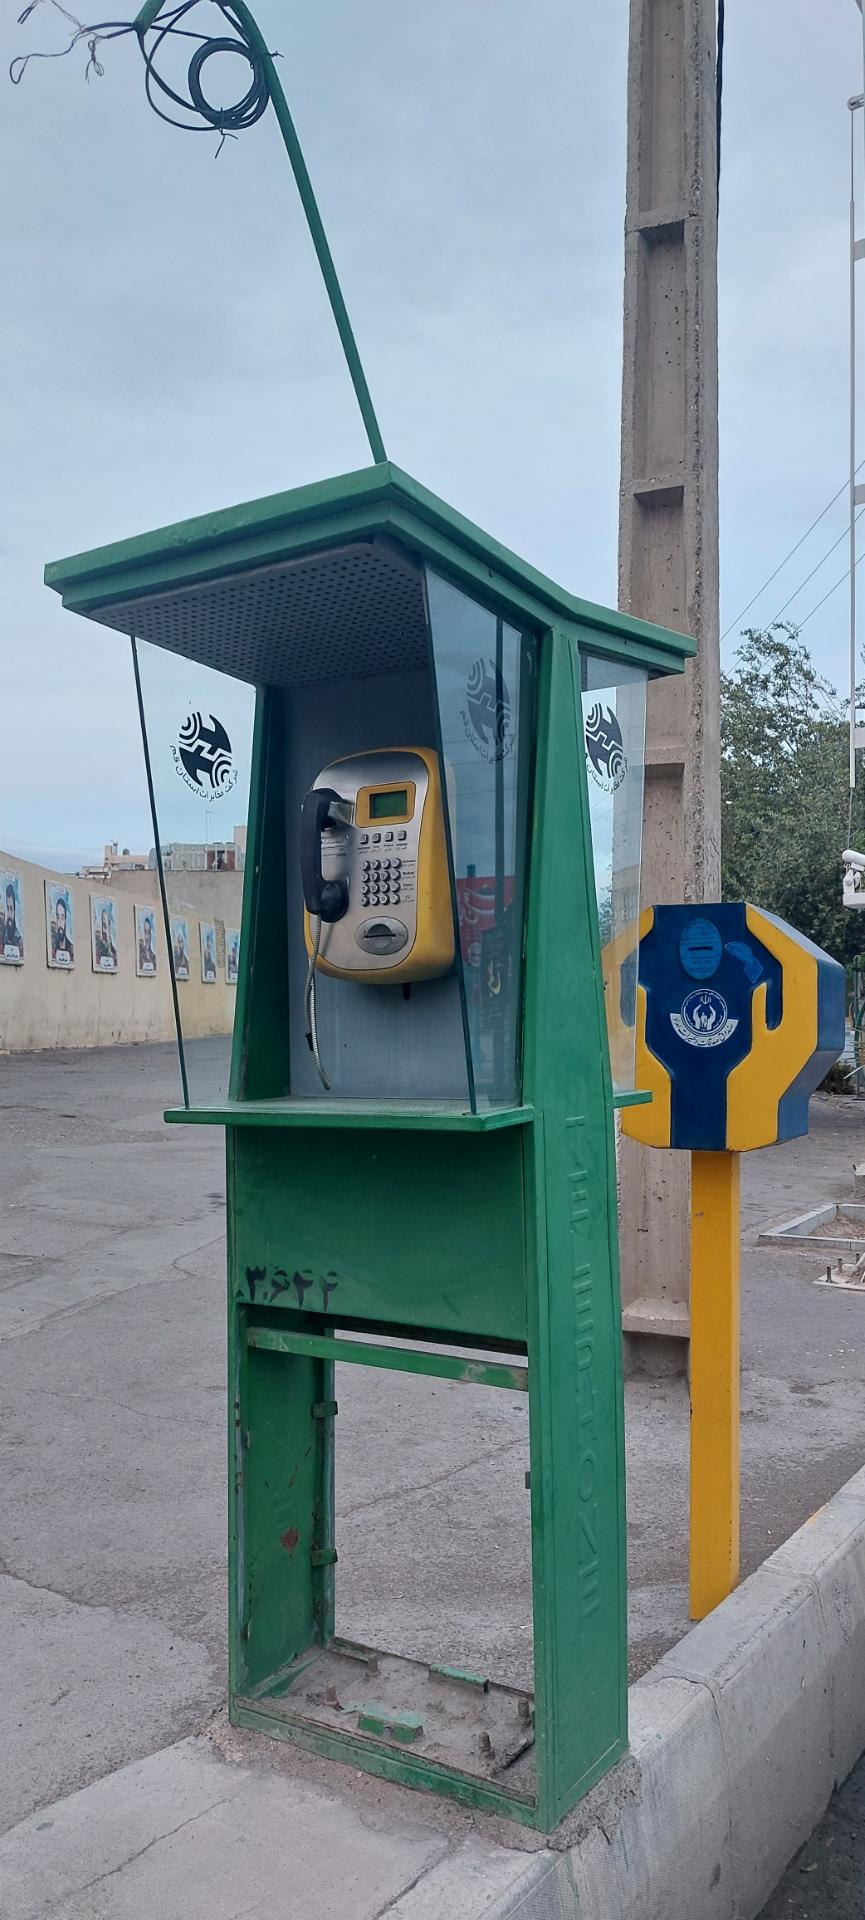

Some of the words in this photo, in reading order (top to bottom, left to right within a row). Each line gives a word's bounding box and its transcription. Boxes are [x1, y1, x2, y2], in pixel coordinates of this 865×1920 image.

[168, 745, 180, 763] قم
[175, 765, 200, 795] استان
[224, 768, 239, 793] شرکت
[199, 790, 225, 802] مخابرات
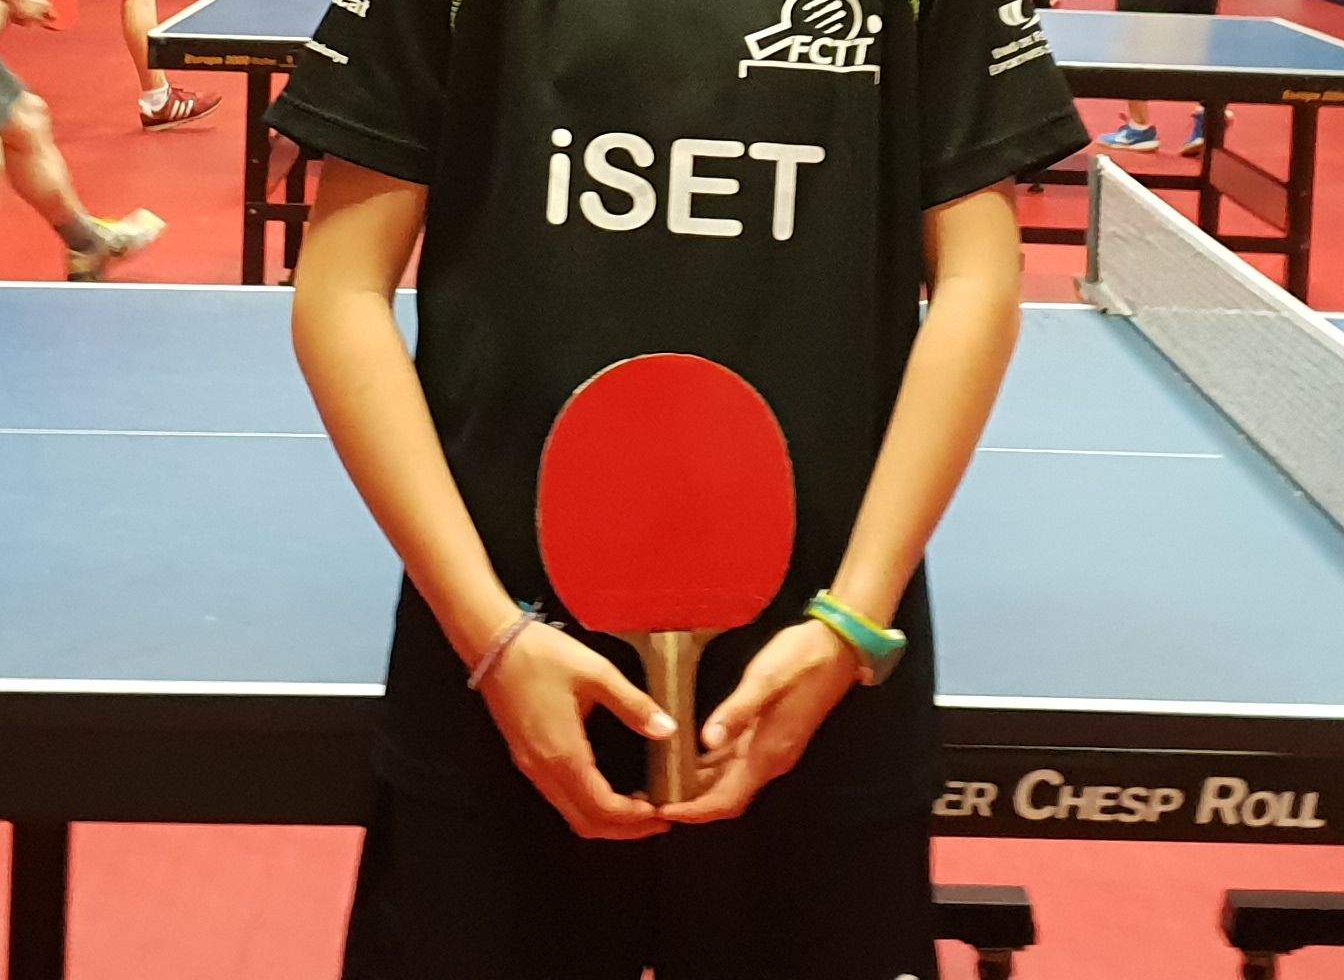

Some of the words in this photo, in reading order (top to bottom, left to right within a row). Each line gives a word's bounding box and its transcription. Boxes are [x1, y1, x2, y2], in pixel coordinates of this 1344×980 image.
★ ★ ★ ★ ★
## PROBLEM
Would you transcribe all of the entries above exactly, minus the images?

## ANSWER TO THIS EXERCISE
Some of the words in this photo, in reading order (top to bottom, left to right within a row). Each line gives a word's bounding box and its transcription. Boxes are [x1, y1, x2, y2], in pixel coordinates of this 865×1920 image.

[168, 745, 180, 763] قم
[175, 765, 200, 795] استان
[224, 768, 239, 793] شرکت
[199, 790, 225, 802] مخابرات

Some of the words in this photo, in reading order (top to bottom, left to right within a row). Each line gives a word's bounding box and its transcription. Boxes are [x1, y1, x2, y2], in pixel coordinates of this 1344×980 image.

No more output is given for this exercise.